↓↓↓
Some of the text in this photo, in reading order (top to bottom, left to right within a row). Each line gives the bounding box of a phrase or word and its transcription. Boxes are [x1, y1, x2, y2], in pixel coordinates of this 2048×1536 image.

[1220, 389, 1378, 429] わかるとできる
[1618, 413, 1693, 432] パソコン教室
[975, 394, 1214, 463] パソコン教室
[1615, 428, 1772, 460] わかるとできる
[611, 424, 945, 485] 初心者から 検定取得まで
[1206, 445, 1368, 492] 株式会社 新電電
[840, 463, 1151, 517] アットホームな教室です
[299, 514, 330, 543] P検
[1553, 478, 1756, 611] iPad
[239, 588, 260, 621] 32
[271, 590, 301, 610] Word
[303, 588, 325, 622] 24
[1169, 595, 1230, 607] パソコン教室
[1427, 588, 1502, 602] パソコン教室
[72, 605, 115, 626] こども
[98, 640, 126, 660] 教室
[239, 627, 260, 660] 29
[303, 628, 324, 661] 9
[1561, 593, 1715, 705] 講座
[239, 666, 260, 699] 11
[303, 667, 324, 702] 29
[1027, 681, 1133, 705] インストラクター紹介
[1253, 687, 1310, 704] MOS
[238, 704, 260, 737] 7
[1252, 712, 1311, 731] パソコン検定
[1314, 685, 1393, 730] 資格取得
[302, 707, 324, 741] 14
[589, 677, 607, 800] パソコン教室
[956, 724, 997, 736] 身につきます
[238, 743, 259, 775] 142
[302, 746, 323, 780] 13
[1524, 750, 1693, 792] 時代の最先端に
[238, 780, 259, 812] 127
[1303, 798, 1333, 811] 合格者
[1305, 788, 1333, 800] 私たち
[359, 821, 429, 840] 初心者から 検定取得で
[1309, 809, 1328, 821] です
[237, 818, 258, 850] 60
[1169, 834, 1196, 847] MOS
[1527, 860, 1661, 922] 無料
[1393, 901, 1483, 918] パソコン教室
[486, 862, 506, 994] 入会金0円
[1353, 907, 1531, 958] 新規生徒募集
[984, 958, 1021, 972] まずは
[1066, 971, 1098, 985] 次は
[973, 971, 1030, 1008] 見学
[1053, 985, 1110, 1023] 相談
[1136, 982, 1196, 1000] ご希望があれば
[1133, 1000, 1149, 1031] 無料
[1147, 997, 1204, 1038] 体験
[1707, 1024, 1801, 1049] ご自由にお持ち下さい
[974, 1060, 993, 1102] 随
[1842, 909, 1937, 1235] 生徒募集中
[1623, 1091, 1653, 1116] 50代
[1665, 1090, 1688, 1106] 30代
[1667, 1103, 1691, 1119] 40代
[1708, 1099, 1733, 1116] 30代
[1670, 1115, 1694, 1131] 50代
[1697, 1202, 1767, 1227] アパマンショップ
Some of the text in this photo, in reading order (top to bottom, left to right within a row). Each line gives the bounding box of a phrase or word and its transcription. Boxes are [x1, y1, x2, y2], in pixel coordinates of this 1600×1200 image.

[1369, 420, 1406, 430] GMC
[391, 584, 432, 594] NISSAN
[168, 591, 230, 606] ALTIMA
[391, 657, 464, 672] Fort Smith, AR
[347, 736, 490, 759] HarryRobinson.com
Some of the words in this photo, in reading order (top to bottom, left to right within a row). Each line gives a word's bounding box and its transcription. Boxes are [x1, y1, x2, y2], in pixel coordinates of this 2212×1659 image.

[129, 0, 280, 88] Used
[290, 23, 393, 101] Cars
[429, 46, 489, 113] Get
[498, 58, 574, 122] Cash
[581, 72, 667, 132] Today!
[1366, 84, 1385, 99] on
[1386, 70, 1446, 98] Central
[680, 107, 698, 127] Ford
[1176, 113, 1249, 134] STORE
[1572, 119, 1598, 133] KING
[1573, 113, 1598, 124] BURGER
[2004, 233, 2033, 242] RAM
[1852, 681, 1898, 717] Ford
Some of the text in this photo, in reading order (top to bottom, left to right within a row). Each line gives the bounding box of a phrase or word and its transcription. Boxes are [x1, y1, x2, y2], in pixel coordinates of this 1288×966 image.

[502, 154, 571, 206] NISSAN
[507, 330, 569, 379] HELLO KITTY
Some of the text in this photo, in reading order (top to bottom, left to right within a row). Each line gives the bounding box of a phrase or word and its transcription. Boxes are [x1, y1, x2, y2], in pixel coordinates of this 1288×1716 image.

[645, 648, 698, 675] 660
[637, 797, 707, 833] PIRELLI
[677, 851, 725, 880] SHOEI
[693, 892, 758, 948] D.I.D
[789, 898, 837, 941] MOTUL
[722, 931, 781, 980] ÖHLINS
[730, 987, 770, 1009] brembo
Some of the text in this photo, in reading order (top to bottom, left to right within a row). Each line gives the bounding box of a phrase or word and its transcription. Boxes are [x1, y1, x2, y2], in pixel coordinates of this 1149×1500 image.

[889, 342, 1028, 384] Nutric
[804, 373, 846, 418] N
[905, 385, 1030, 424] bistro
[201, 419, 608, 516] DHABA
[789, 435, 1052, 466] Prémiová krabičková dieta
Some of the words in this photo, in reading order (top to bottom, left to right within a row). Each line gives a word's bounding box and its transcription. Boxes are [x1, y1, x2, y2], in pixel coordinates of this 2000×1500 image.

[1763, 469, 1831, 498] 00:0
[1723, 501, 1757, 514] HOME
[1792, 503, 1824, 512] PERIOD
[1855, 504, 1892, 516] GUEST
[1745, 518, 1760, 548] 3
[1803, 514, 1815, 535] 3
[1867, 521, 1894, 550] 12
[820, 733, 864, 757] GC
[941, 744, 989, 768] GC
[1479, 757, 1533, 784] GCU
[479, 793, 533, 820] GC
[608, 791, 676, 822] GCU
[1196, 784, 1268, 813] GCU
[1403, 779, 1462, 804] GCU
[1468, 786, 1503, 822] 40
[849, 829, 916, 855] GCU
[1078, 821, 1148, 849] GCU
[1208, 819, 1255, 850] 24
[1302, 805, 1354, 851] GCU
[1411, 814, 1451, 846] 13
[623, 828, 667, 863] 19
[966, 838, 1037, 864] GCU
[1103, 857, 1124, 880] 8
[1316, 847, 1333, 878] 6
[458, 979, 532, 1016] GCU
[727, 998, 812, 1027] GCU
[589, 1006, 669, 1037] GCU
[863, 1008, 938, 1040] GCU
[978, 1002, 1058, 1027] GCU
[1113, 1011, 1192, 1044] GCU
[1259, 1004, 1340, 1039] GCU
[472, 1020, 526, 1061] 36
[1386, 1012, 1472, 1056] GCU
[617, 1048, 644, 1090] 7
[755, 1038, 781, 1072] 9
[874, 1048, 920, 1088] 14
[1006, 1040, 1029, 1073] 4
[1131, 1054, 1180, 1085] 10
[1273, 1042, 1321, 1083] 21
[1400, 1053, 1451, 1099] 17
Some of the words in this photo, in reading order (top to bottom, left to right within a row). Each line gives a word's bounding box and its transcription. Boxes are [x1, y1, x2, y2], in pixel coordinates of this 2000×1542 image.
↑↑↑
*Work request:* Write out every entry again exactly, please, with nothing missing.

*Problem solution:*
Some of the text in this photo, in reading order (top to bottom, left to right within a row). Each line gives the bounding box of a phrase or word and its transcription. Boxes are [x1, y1, x2, y2], in pixel coordinates of this 2048×1536 image.

[1220, 389, 1378, 429] わかるとできる
[1618, 413, 1693, 432] パソコン教室
[975, 394, 1214, 463] パソコン教室
[1615, 428, 1772, 460] わかるとできる
[611, 424, 945, 485] 初心者から 検定取得まで
[1206, 445, 1368, 492] 株式会社 新電電
[840, 463, 1151, 517] アットホームな教室です
[299, 514, 330, 543] P検
[1553, 478, 1756, 611] iPad
[239, 588, 260, 621] 32
[271, 590, 301, 610] Word
[303, 588, 325, 622] 24
[1169, 595, 1230, 607] パソコン教室
[1427, 588, 1502, 602] パソコン教室
[72, 605, 115, 626] こども
[98, 640, 126, 660] 教室
[239, 627, 260, 660] 29
[303, 628, 324, 661] 9
[1561, 593, 1715, 705] 講座
[239, 666, 260, 699] 11
[303, 667, 324, 702] 29
[1027, 681, 1133, 705] インストラクター紹介
[1253, 687, 1310, 704] MOS
[238, 704, 260, 737] 7
[1252, 712, 1311, 731] パソコン検定
[1314, 685, 1393, 730] 資格取得
[302, 707, 324, 741] 14
[589, 677, 607, 800] パソコン教室
[956, 724, 997, 736] 身につきます
[238, 743, 259, 775] 142
[302, 746, 323, 780] 13
[1524, 750, 1693, 792] 時代の最先端に
[238, 780, 259, 812] 127
[1303, 798, 1333, 811] 合格者
[1305, 788, 1333, 800] 私たち
[359, 821, 429, 840] 初心者から 検定取得で
[1309, 809, 1328, 821] です
[237, 818, 258, 850] 60
[1169, 834, 1196, 847] MOS
[1527, 860, 1661, 922] 無料
[1393, 901, 1483, 918] パソコン教室
[486, 862, 506, 994] 入会金0円
[1353, 907, 1531, 958] 新規生徒募集
[984, 958, 1021, 972] まずは
[1066, 971, 1098, 985] 次は
[973, 971, 1030, 1008] 見学
[1053, 985, 1110, 1023] 相談
[1136, 982, 1196, 1000] ご希望があれば
[1133, 1000, 1149, 1031] 無料
[1147, 997, 1204, 1038] 体験
[1707, 1024, 1801, 1049] ご自由にお持ち下さい
[974, 1060, 993, 1102] 随
[1842, 909, 1937, 1235] 生徒募集中
[1623, 1091, 1653, 1116] 50代
[1665, 1090, 1688, 1106] 30代
[1667, 1103, 1691, 1119] 40代
[1708, 1099, 1733, 1116] 30代
[1670, 1115, 1694, 1131] 50代
[1697, 1202, 1767, 1227] アパマンショップ
Some of the text in this photo, in reading order (top to bottom, left to right within a row). Each line gives the bounding box of a phrase or word and its transcription. Boxes are [x1, y1, x2, y2], in pixel coordinates of this 1600×1200 image.

[1369, 420, 1406, 430] GMC
[391, 584, 432, 594] NISSAN
[168, 591, 230, 606] ALTIMA
[391, 657, 464, 672] Fort Smith, AR
[347, 736, 490, 759] HarryRobinson.com
Some of the words in this photo, in reading order (top to bottom, left to right within a row). Each line gives a word's bounding box and its transcription. Boxes are [x1, y1, x2, y2], in pixel coordinates of this 2212×1659 image.

[129, 0, 280, 88] Used
[290, 23, 393, 101] Cars
[429, 46, 489, 113] Get
[498, 58, 574, 122] Cash
[581, 72, 667, 132] Today!
[1366, 84, 1385, 99] on
[1386, 70, 1446, 98] Central
[680, 107, 698, 127] Ford
[1176, 113, 1249, 134] STORE
[1572, 119, 1598, 133] KING
[1573, 113, 1598, 124] BURGER
[2004, 233, 2033, 242] RAM
[1852, 681, 1898, 717] Ford
Some of the text in this photo, in reading order (top to bottom, left to right within a row). Each line gives the bounding box of a phrase or word and its transcription. Boxes are [x1, y1, x2, y2], in pixel coordinates of this 1288×966 image.

[502, 154, 571, 206] NISSAN
[507, 330, 569, 379] HELLO KITTY
Some of the text in this photo, in reading order (top to bottom, left to right within a row). Each line gives the bounding box of a phrase or word and its transcription. Boxes are [x1, y1, x2, y2], in pixel coordinates of this 1288×1716 image.

[645, 648, 698, 675] 660
[637, 797, 707, 833] PIRELLI
[677, 851, 725, 880] SHOEI
[693, 892, 758, 948] D.I.D
[789, 898, 837, 941] MOTUL
[722, 931, 781, 980] ÖHLINS
[730, 987, 770, 1009] brembo
Some of the text in this photo, in reading order (top to bottom, left to right within a row). Each line gives the bounding box of a phrase or word and its transcription. Boxes are [x1, y1, x2, y2], in pixel coordinates of this 1149×1500 image.

[889, 342, 1028, 384] Nutric
[804, 373, 846, 418] N
[905, 385, 1030, 424] bistro
[201, 419, 608, 516] DHABA
[789, 435, 1052, 466] Prémiová krabičková dieta
Some of the words in this photo, in reading order (top to bottom, left to right within a row). Each line gives a word's bounding box and its transcription. Boxes are [x1, y1, x2, y2], in pixel coordinates of this 2000×1500 image.

[1763, 469, 1831, 498] 00:0
[1723, 501, 1757, 514] HOME
[1792, 503, 1824, 512] PERIOD
[1855, 504, 1892, 516] GUEST
[1745, 518, 1760, 548] 3
[1803, 514, 1815, 535] 3
[1867, 521, 1894, 550] 12
[820, 733, 864, 757] GC
[941, 744, 989, 768] GC
[1479, 757, 1533, 784] GCU
[479, 793, 533, 820] GC
[608, 791, 676, 822] GCU
[1196, 784, 1268, 813] GCU
[1403, 779, 1462, 804] GCU
[1468, 786, 1503, 822] 40
[849, 829, 916, 855] GCU
[1078, 821, 1148, 849] GCU
[1208, 819, 1255, 850] 24
[1302, 805, 1354, 851] GCU
[1411, 814, 1451, 846] 13
[623, 828, 667, 863] 19
[966, 838, 1037, 864] GCU
[1103, 857, 1124, 880] 8
[1316, 847, 1333, 878] 6
[458, 979, 532, 1016] GCU
[727, 998, 812, 1027] GCU
[589, 1006, 669, 1037] GCU
[863, 1008, 938, 1040] GCU
[978, 1002, 1058, 1027] GCU
[1113, 1011, 1192, 1044] GCU
[1259, 1004, 1340, 1039] GCU
[472, 1020, 526, 1061] 36
[1386, 1012, 1472, 1056] GCU
[617, 1048, 644, 1090] 7
[755, 1038, 781, 1072] 9
[874, 1048, 920, 1088] 14
[1006, 1040, 1029, 1073] 4
[1131, 1054, 1180, 1085] 10
[1273, 1042, 1321, 1083] 21
[1400, 1053, 1451, 1099] 17
Some of the words in this photo, in reading order (top to bottom, left to right within a row). Each line gives a word's bounding box and its transcription. Boxes are [x1, y1, x2, y2], in pixel coordinates of this 2000×1542 image.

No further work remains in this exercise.